*Stored entries*

----------

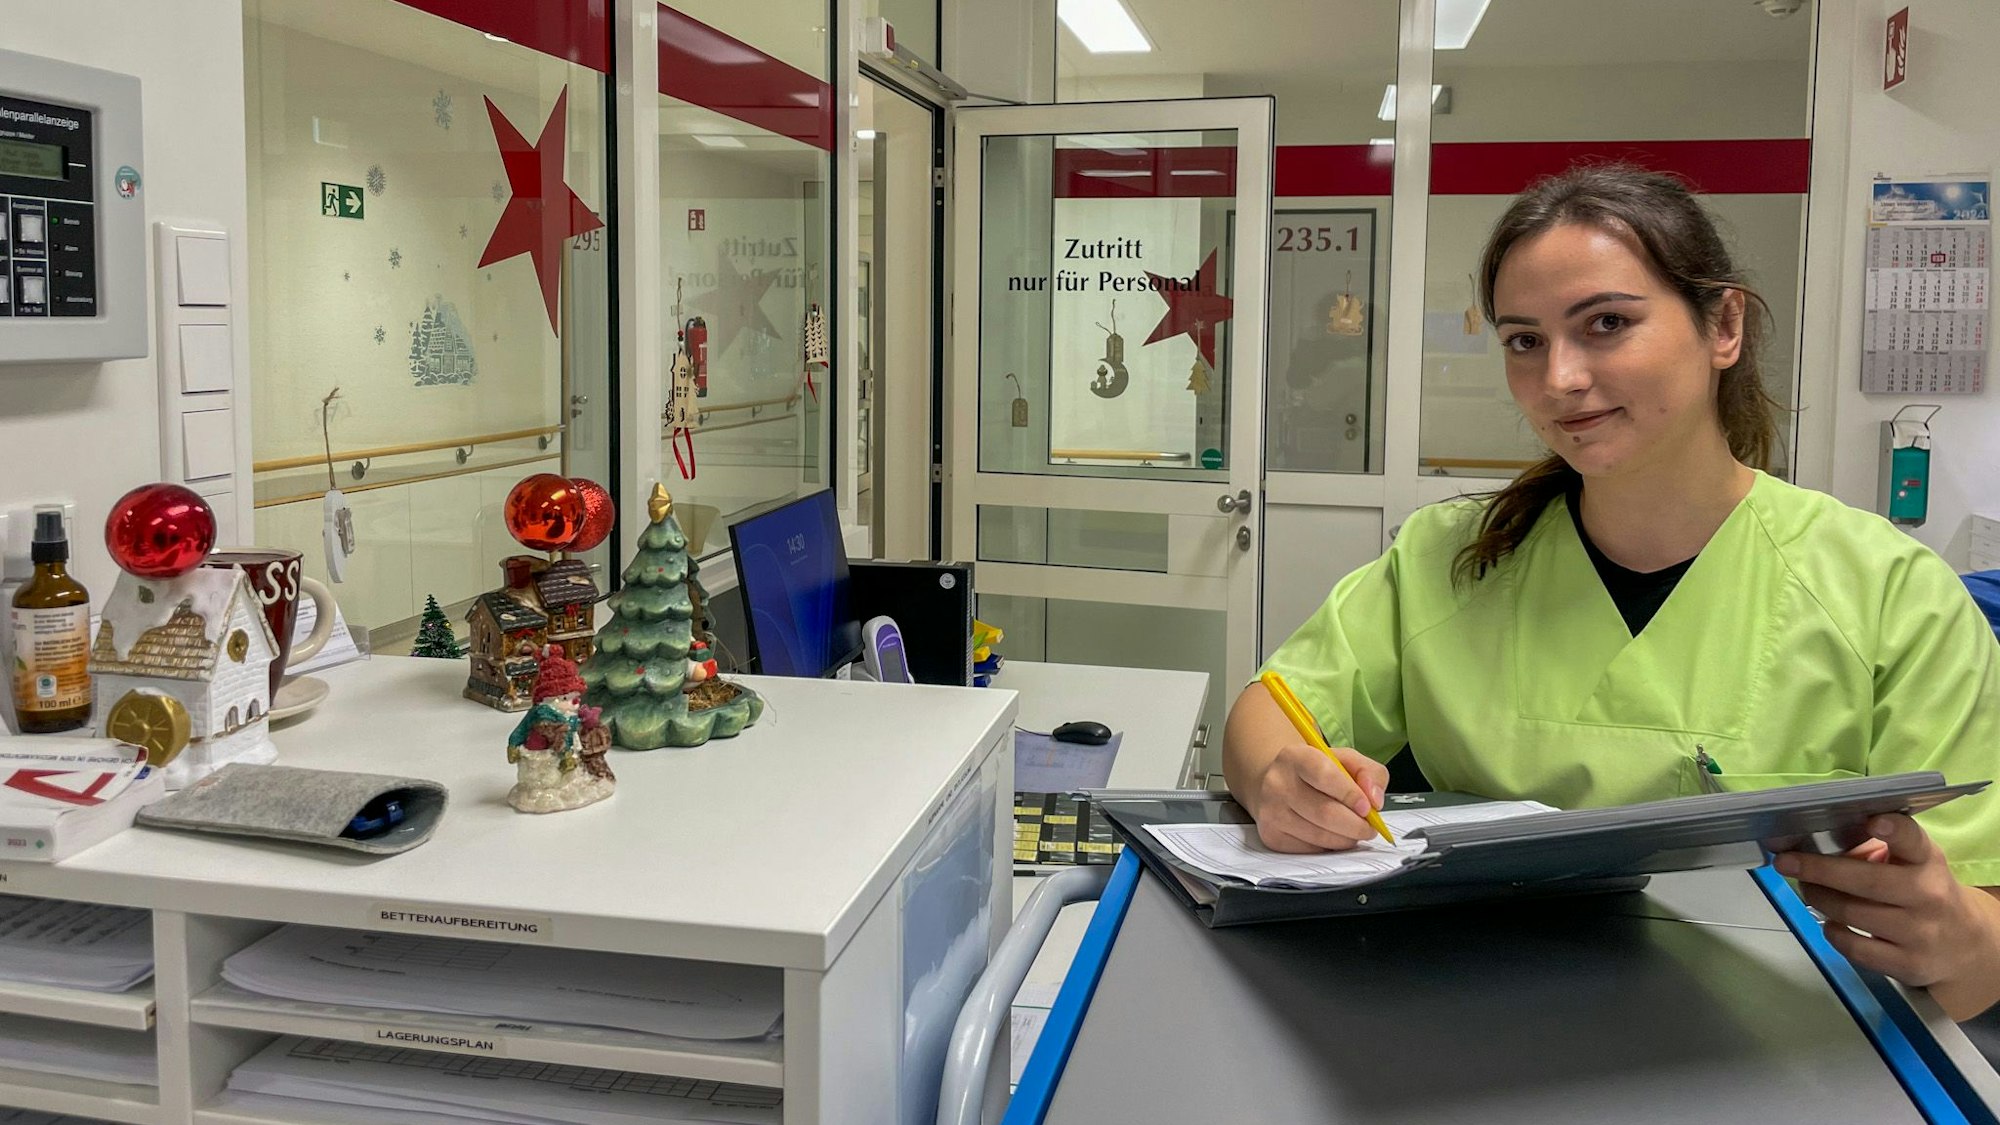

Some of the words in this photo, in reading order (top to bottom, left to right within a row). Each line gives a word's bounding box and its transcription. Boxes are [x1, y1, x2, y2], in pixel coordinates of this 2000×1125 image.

[0, 107, 79, 130] lenparallelanzeige
[1953, 209, 1986, 220] 2024
[573, 230, 600, 252] 295
[1064, 237, 1143, 259] Zutritt
[1277, 226, 1358, 252] 235.1
[1008, 276, 1047, 291] nur
[1056, 270, 1089, 291] für
[1099, 270, 1201, 291] Personal
[39, 700, 57, 709] 100
[59, 698, 72, 707] ml
[381, 910, 538, 933] BETTENAUFBEREITUNG
[377, 1029, 494, 1050] LAGERUNGSPLAN

----------

Return all of the lines above without alteration, minus the pictures.

*OUTPUT OF THE TASK*
Some of the words in this photo, in reading order (top to bottom, left to right within a row). Each line gives a word's bounding box and its transcription. Boxes are [x1, y1, x2, y2], in pixel coordinates of this 2000×1125 image.

[0, 107, 79, 130] lenparallelanzeige
[1953, 209, 1986, 220] 2024
[573, 230, 600, 252] 295
[1064, 237, 1143, 259] Zutritt
[1277, 226, 1358, 252] 235.1
[1008, 276, 1047, 291] nur
[1056, 270, 1089, 291] für
[1099, 270, 1201, 291] Personal
[39, 700, 57, 709] 100
[59, 698, 72, 707] ml
[381, 910, 538, 933] BETTENAUFBEREITUNG
[377, 1029, 494, 1050] LAGERUNGSPLAN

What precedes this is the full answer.